- Try it -
From first line to last, give the records again word for word and omit the pictures.
** Provided information follows **
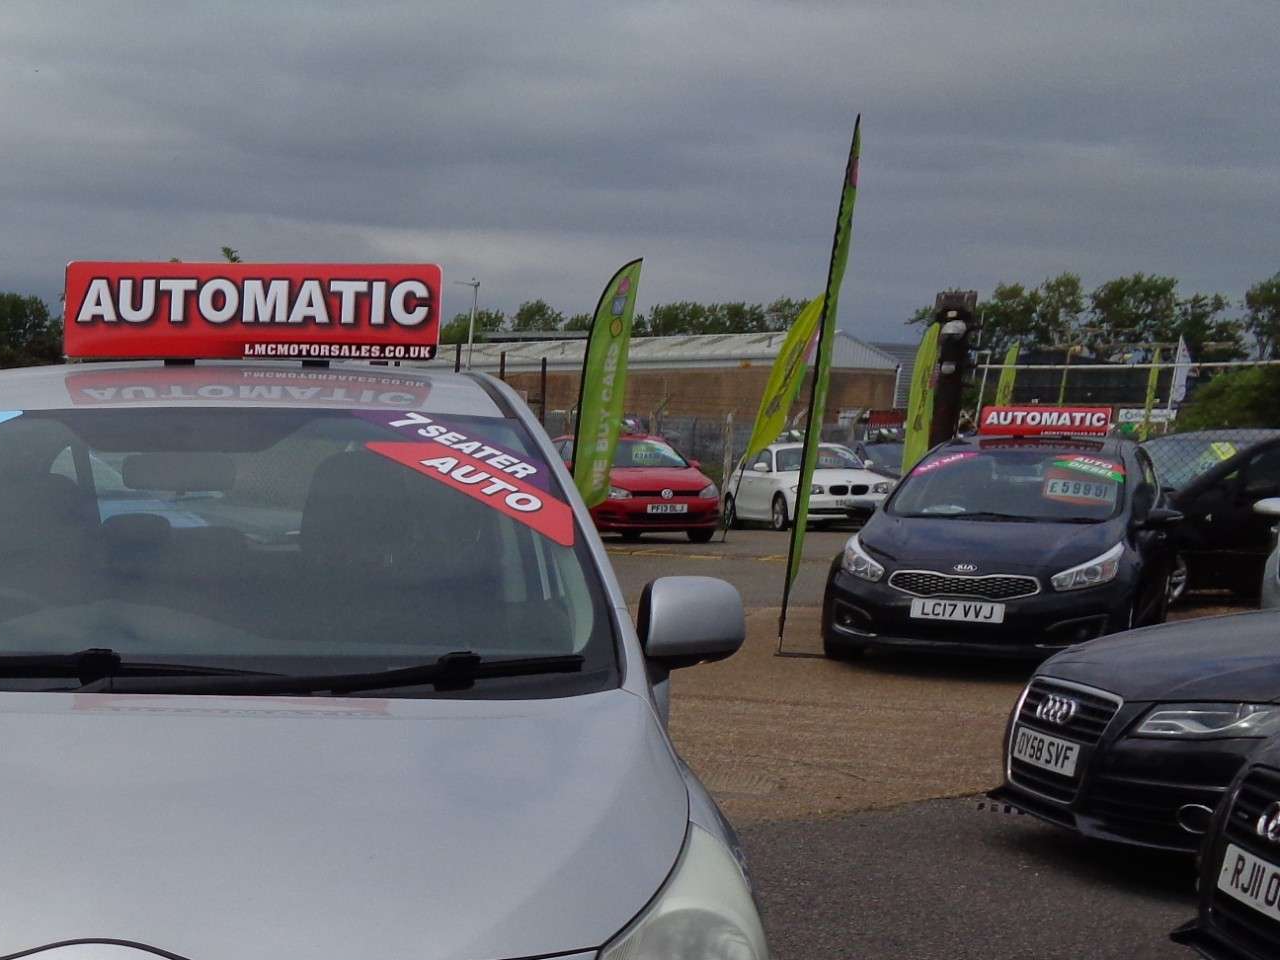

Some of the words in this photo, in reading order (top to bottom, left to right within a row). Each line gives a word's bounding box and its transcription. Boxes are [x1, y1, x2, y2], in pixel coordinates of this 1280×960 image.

[76, 278, 430, 326] AUTOMATIC
[243, 343, 432, 359] LMCMOTORSALES.CO.UK
[985, 411, 1106, 427] AUTOMATIC
[388, 412, 433, 430] 7
[417, 425, 539, 479] SEATER
[1073, 456, 1113, 469] AUTO
[420, 456, 544, 512] AUTO
[955, 563, 975, 571] KIA
[921, 602, 957, 618] LC17
[963, 604, 995, 620] VVJ
[1045, 741, 1074, 769] SVF
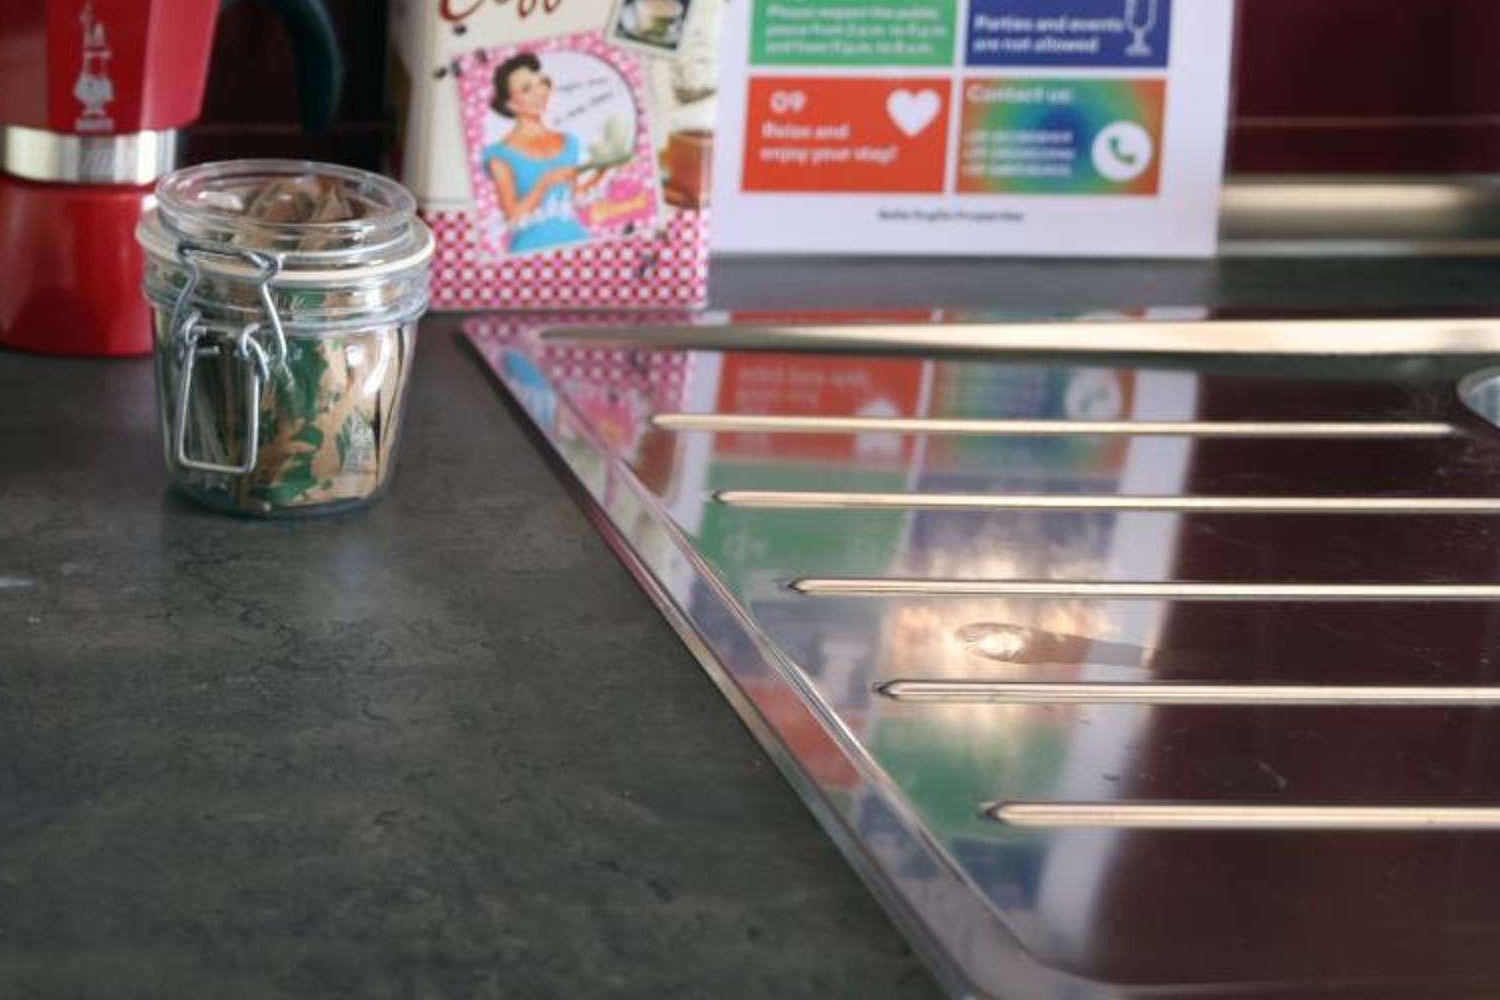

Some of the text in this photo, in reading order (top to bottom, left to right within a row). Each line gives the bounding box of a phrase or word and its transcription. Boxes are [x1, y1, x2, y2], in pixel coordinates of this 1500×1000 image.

[973, 12, 1124, 34] Parties and events
[972, 39, 999, 54] are
[1001, 37, 1031, 54] not
[769, 89, 807, 115] 09
[964, 83, 1043, 104] Contact
[761, 121, 851, 140] Relax and
[759, 146, 808, 167] enjoy
[811, 148, 851, 167] your
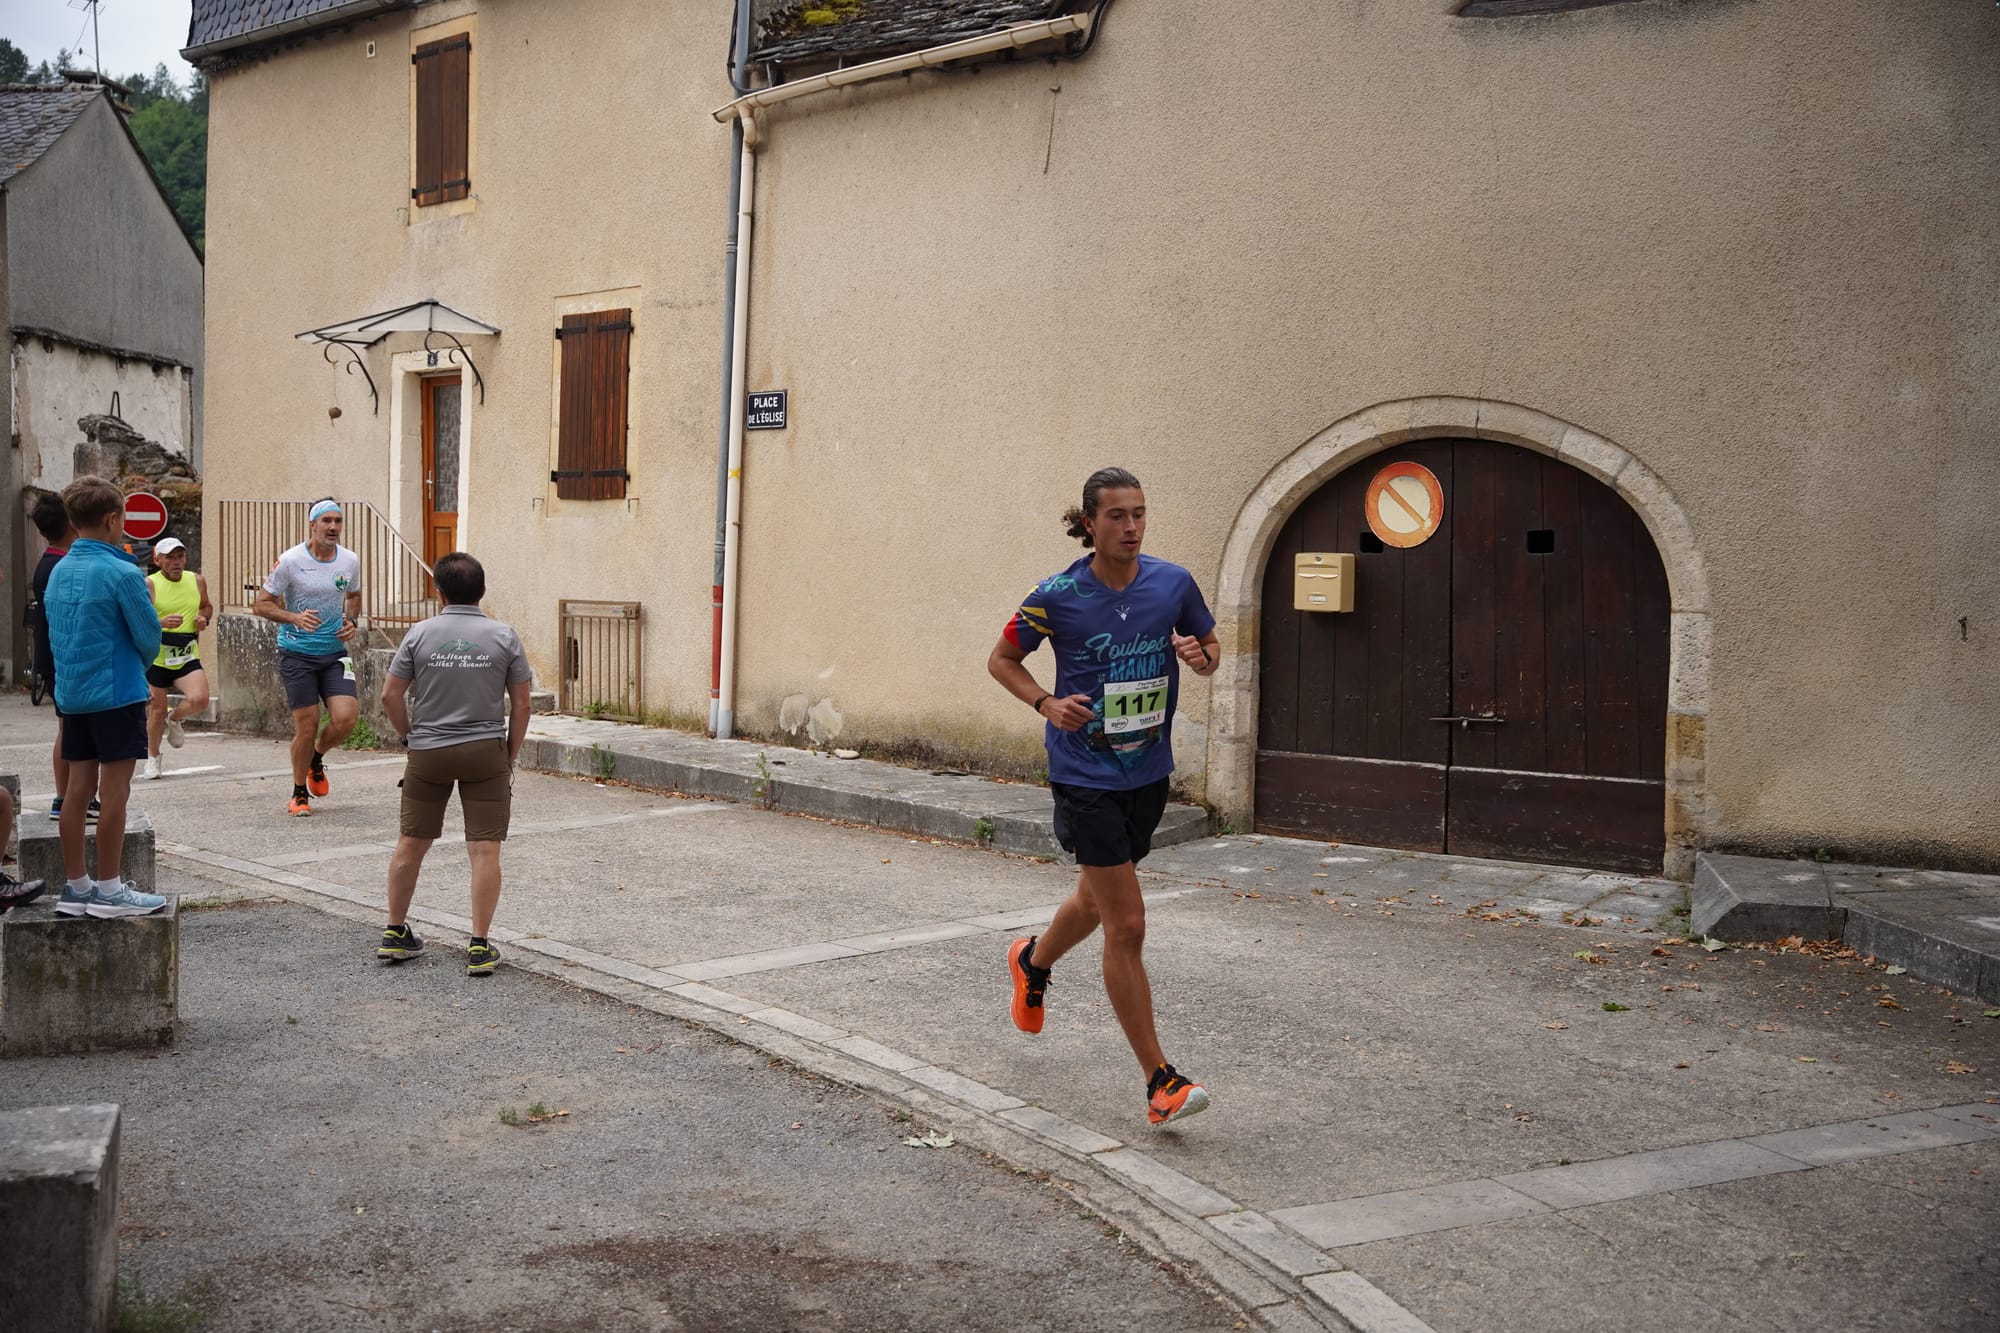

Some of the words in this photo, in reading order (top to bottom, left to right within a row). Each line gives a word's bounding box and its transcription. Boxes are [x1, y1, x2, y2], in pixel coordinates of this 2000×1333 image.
** End of Provided information **
- Answer for the task -
Some of the words in this photo, in reading order (top to bottom, left to right within a row). Each line gives a word's bounding box and its transcription. Boxes are [x1, y1, x2, y2], in pixel coordinates of this 1280×960 image.

[76, 278, 430, 326] AUTOMATIC
[243, 343, 432, 359] LMCMOTORSALES.CO.UK
[985, 411, 1106, 427] AUTOMATIC
[388, 412, 433, 430] 7
[417, 425, 539, 479] SEATER
[1073, 456, 1113, 469] AUTO
[420, 456, 544, 512] AUTO
[955, 563, 975, 571] KIA
[921, 602, 957, 618] LC17
[963, 604, 995, 620] VVJ
[1045, 741, 1074, 769] SVF

Some of the text in this photo, in reading order (top to bottom, left to right within a row). Each line gives the bounding box of a phrase or word and its transcription. Boxes are [x1, y1, x2, y2], in pixel coordinates of this 1500×1000 image.

[973, 12, 1124, 34] Parties and events
[972, 39, 999, 54] are
[1001, 37, 1031, 54] not
[769, 89, 807, 115] 09
[964, 83, 1043, 104] Contact
[761, 121, 851, 140] Relax and
[759, 146, 808, 167] enjoy
[811, 148, 851, 167] your

Some of the words in this photo, in reading order (top to bottom, left to right within a row). Each line gives a word's bounding box and its transcription. Boxes are [x1, y1, x2, y2], in pixel coordinates of this 2000×1333 image.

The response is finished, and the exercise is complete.